A Valve liberou hoje, sem alarde, suporte oficial ao Windows no Steam Machine. Os drivers já estão na página de suporte da Steam. Isso abre caminho para instalar o sistema da Microsoft no aparelho e usar esse PC de sala fora do ecossistema do SteamOS. Há um porém, e ele é grande: por enquanto, a instalação exige apagar completamente o SteamOS de fábrica, e ainda não existe dual boot.
Em outras palavras, quem quiser colocar o Windows agora vai precisar zerar o sistema original. Ainda não dá para manter os dois sistemas no mesmo dispositivo, então não se trata de um teste simples para ver como fica.
Segundo a Valve, o pacote liberado cobre os componentes centrais do hardware, incluindo gráficos, Wi‑Fi, Bluetooth e o leitor de cartão SD. Com isso, o Steam Machine já pode rodar Windows com suporte oficial, sem depender de gambiarra, driver achado em fórum ou solução improvisada pela comunidade.
Para parte do público, esse passo já era esperado. O SteamOS evoluiu bastante e entrega uma experiência mais integrada para jogar na sala, mas o Windows ainda segue como a opção de maior compatibilidade. Isso vale para games com sistemas de anti-cheat que ainda não funcionam direito no SteamOS e também para serviços como o Xbox Game Pass para PC.
O ponto mais delicado continua sendo a falta de dual boot neste momento, e a Valve deixa claro que a troca não funciona como um experimento sem compromisso: quem fizer o procedimento vai ter de escolher um lado, ao menos por enquanto. A notícia menos dura vem depois. A empresa diz que está trabalhando em uma solução oficial e promete, para uma atualização futura do instalador do SteamOS, um assistente de dual boot que facilite a convivência entre os dois sistemas no mesmo SSD.
Isso também reforça a maneira como a Valve tenta vender o Steam Machine, como um PC aberto, não como um console fechado. Por esse ângulo, fica mais fácil entender por que o hardware não segue a lógica de subsídio tão comum nos consoles tradicionais. A ideia é dar liberdade para instalar outros sistemas e usar outras lojas e serviços.
O Steam Machine de 2026 marca a volta da marca depois do fim da linha original, descontinuada em 2018. As primeiras análises elogiaram o design compacto, a operação silenciosa e a experiência bem acabada com o SteamOS. Mesmo assim, o aparelho também apanhou pelo preço inicial acima de 1.000 dólares e por entregar um desempenho mais próximo do segmento intermediário.
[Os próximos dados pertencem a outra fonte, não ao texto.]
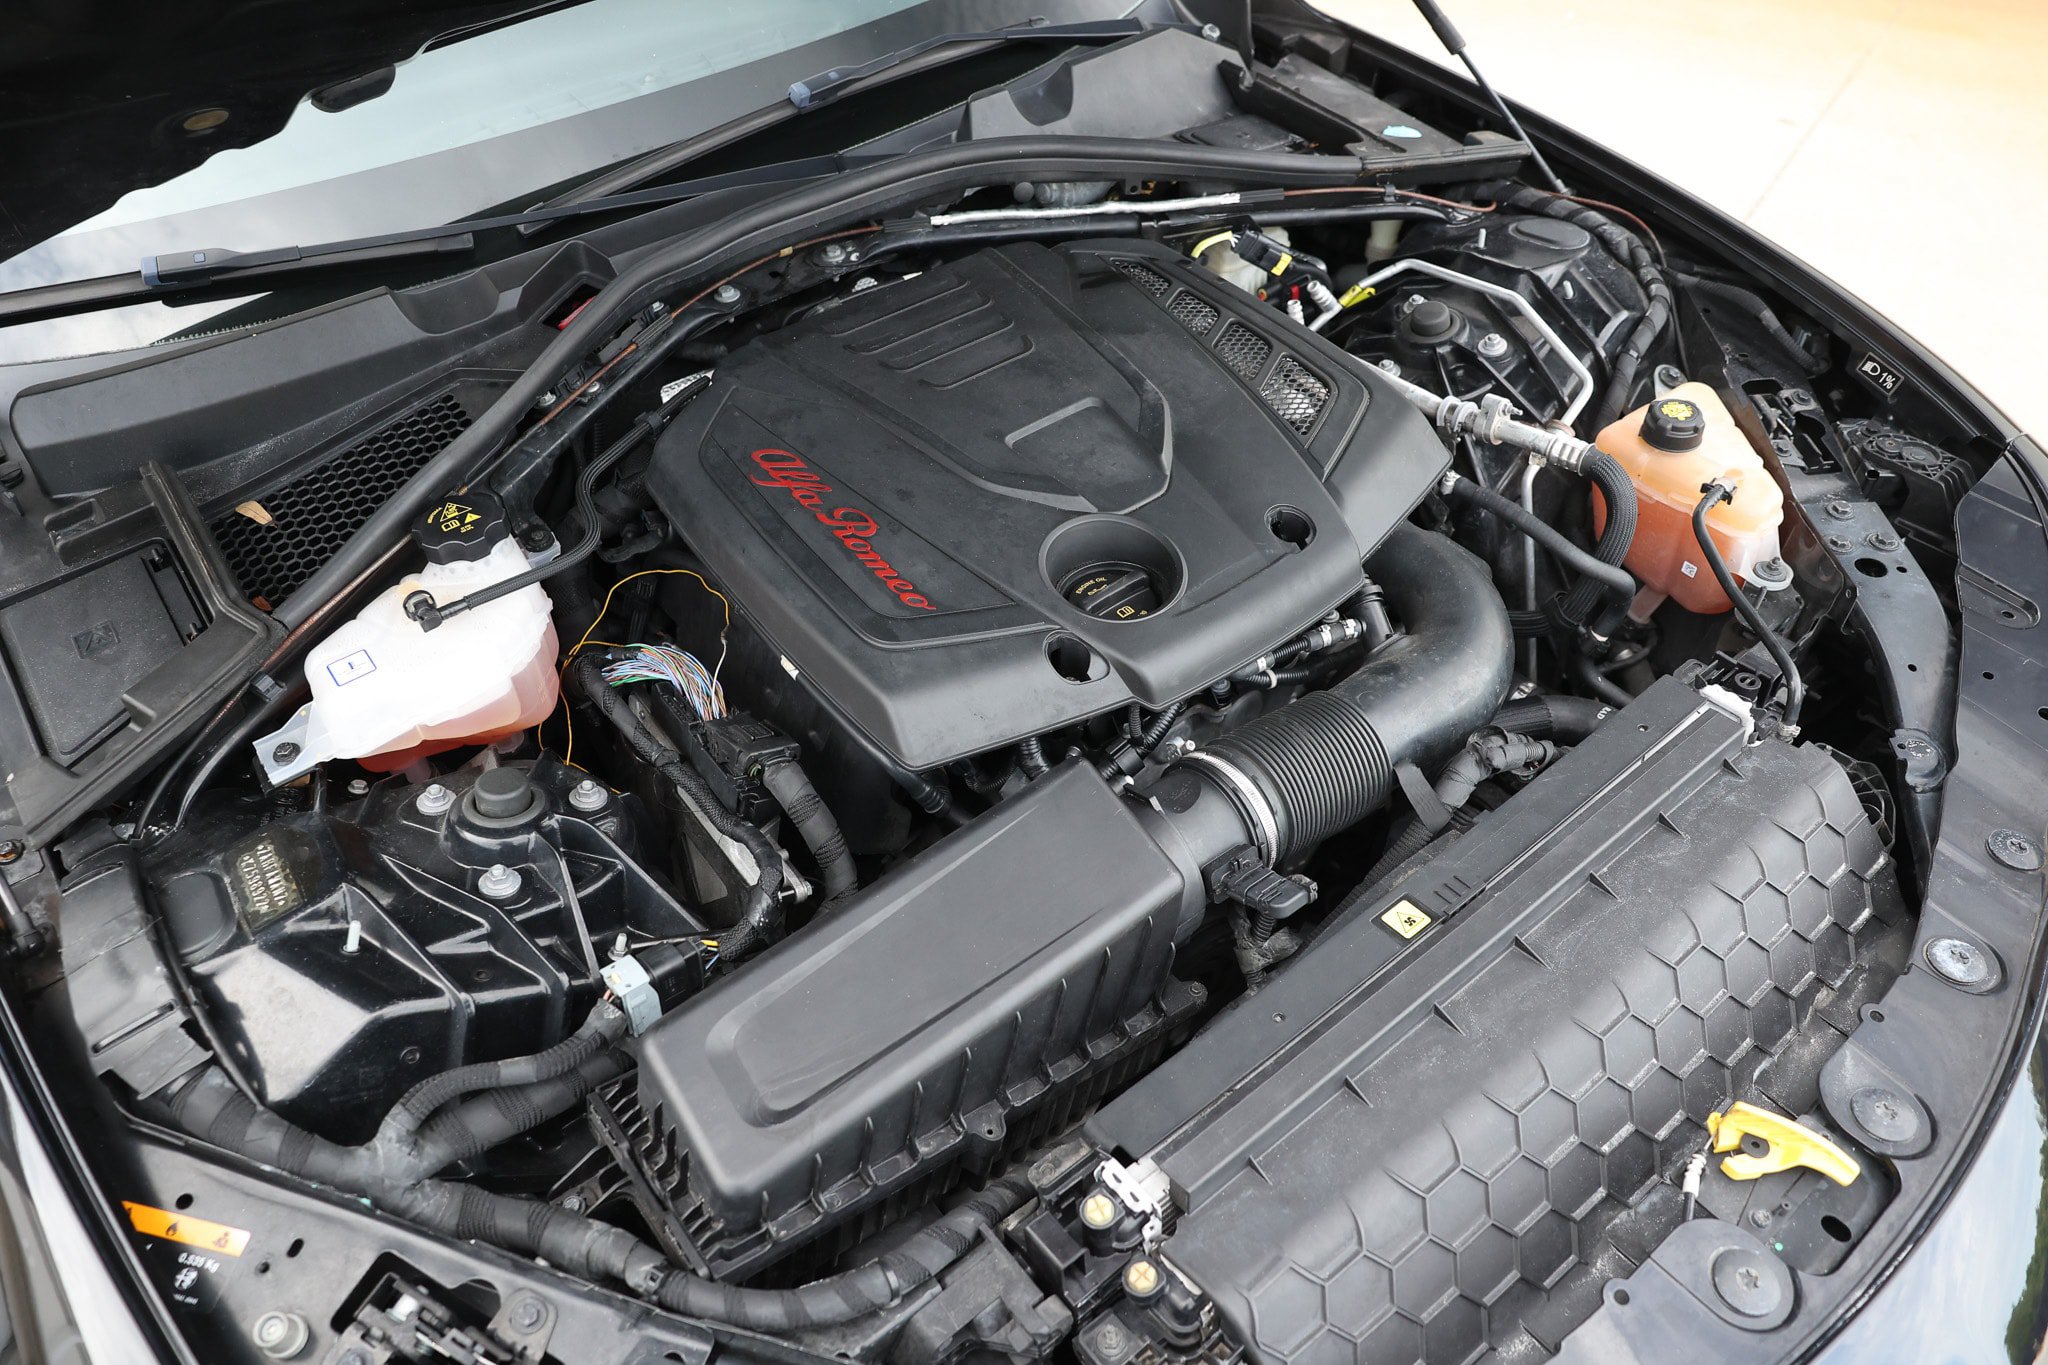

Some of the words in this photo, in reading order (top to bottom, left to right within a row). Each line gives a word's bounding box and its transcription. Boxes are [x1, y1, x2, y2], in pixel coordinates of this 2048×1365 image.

[1879, 372, 1896, 389] 1%
[750, 448, 833, 513] Alfa
[816, 507, 937, 611] Romeo
No uso real, o suporte oficial ao Windows deixa o produto mais atraente para um público maior, mesmo que a experiência fora do SteamOS ainda possa ser menos redonda. Para quem prioriza compatibilidade total, é uma novidade bem-vinda. Já para quem quer só ligar e jogar, talvez ainda seja melhor esperar a chegada do dual boot.